Hong Kong stocks tumbled and the benchmark Hang Seng index had a rocky start to the new year. It headed for the worst January since 2016 amid renewed concerns about corporate earnings and China’s economic recovery outlook. The Hang Seng Index has lost 9.2%, set for the worst start to a year since a 10% slide in the first month of 2016. Last year it was the worst-performing major market in the world. Hong Kong’s historic slump are because of some of China’s most influential and innovative firms are listed. Beijing’s stringent anti-Covid-19 curbs, regulatory crackdowns on corporations, a property-sector crisis and geopolitical tensions with the West have all combined to erode China and Hong Kong’s appeal. Japan was the best outperforming market in the region and its key benchmark- Nikkei 225 index posted positive return of 8.4%.
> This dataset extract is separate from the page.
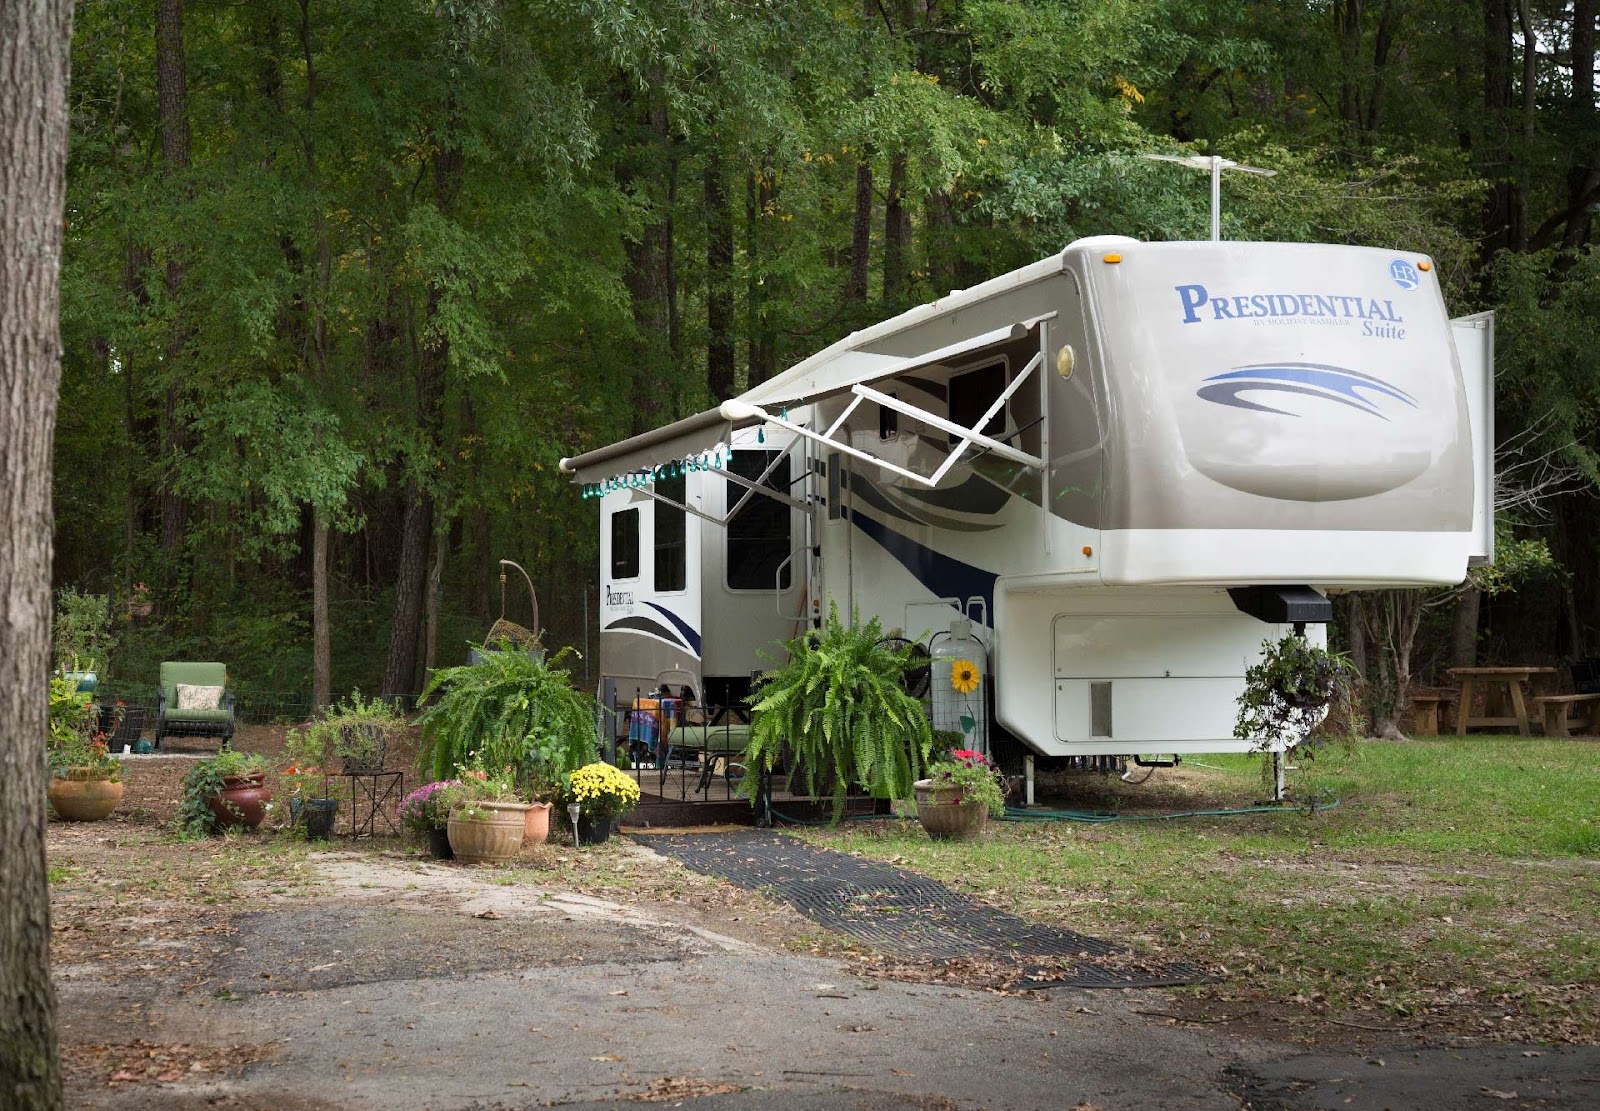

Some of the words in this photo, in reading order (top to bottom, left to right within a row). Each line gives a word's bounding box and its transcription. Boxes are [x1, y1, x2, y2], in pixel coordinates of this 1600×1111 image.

[1393, 265, 1416, 280] HR
[1175, 284, 1403, 324] PRESIDENTIAL
[1362, 321, 1406, 340] Suite
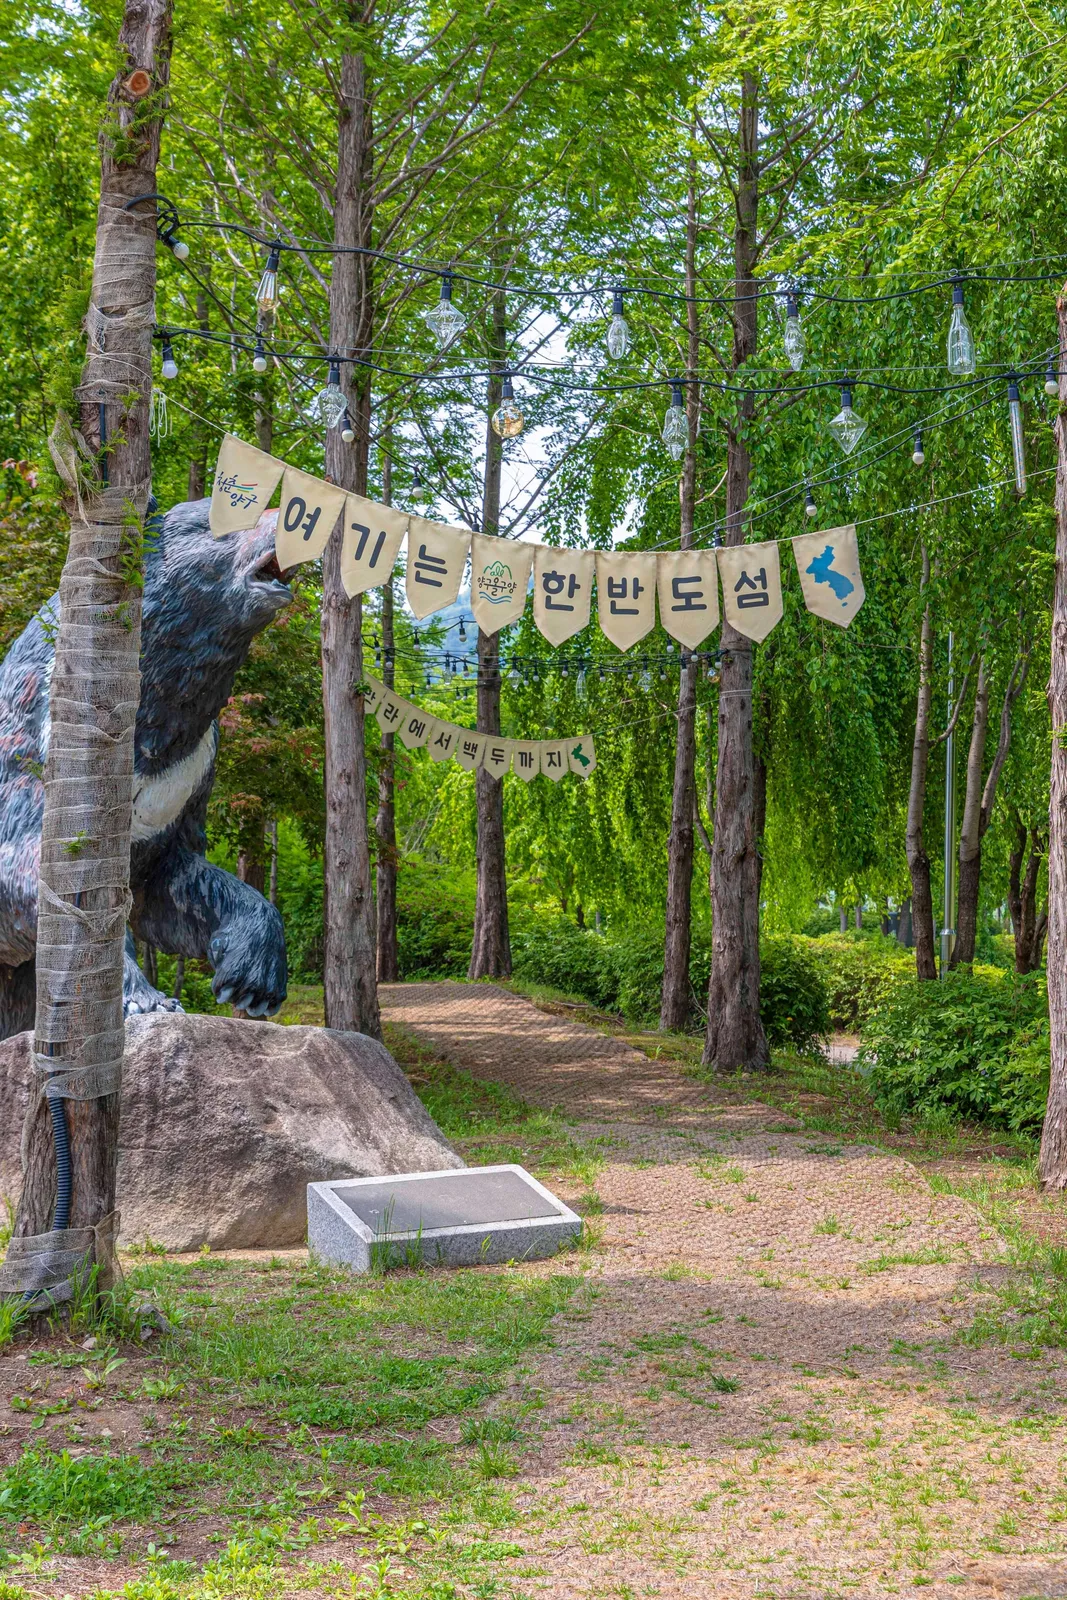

Asset Types & Lipper Global Classifications Analysis

The total 376 Hong Kong Mandatory Provident Fund (MPF) registered for sale in Hong Kong posted negative return of 2% on average in January. Among all by asset type, Money Market is the only one which posted positive return of 0.27% on average in January while Equity tope slid 3.64% on average. There are overall 376 Hong Kong Mandatory Provident Fund (MPF) registered for sale in Hong Kong market with a total 23 Lipper Global Classifications. Among all 23 classifications, the best outperforming sector for January is Equity Japan, rallied overall on average with 5.61%. Equity Sector Healthcare was the 2nd outperforming sector with an average return of 2.68%. The worst performing sectors in January were Equity Greater China (-8.15%), Equity China (-9.14%) and Equity Hong Kong (-9.54%).

Outlook

China and Hong Kong are highly correlated and influence each other. Chinese and Hong Kong equities are suffering a rout of epic proportions, with the total market value of their stocks having tumbled by more than $6 trillion since their peaks in 2021. New listings have dried up in Hong Kong, with the Asian financial hub losing its status as one of the world’s busiest venues for initial public offerings. China’s economy has been struggling to recover from strict COVID-19 pandemic lockdowns and restrictions that wreaked havoc on trade, sparked rare public protests against the government. A collapsed property market and shrinking population have added to the woes. Almost all economic indices in Hong Kong are performing poorly, with high office vacancy rates, falling building prices and the withdrawal of foreign funds. reductions in the number of international institutions maintaining their headquarters in Hong Kong and personnel of foreign institutions stationed in the city. These negative impacts take some time to be improved otherwise it’s not easy to see Hong Kong market’s rebound and recovery.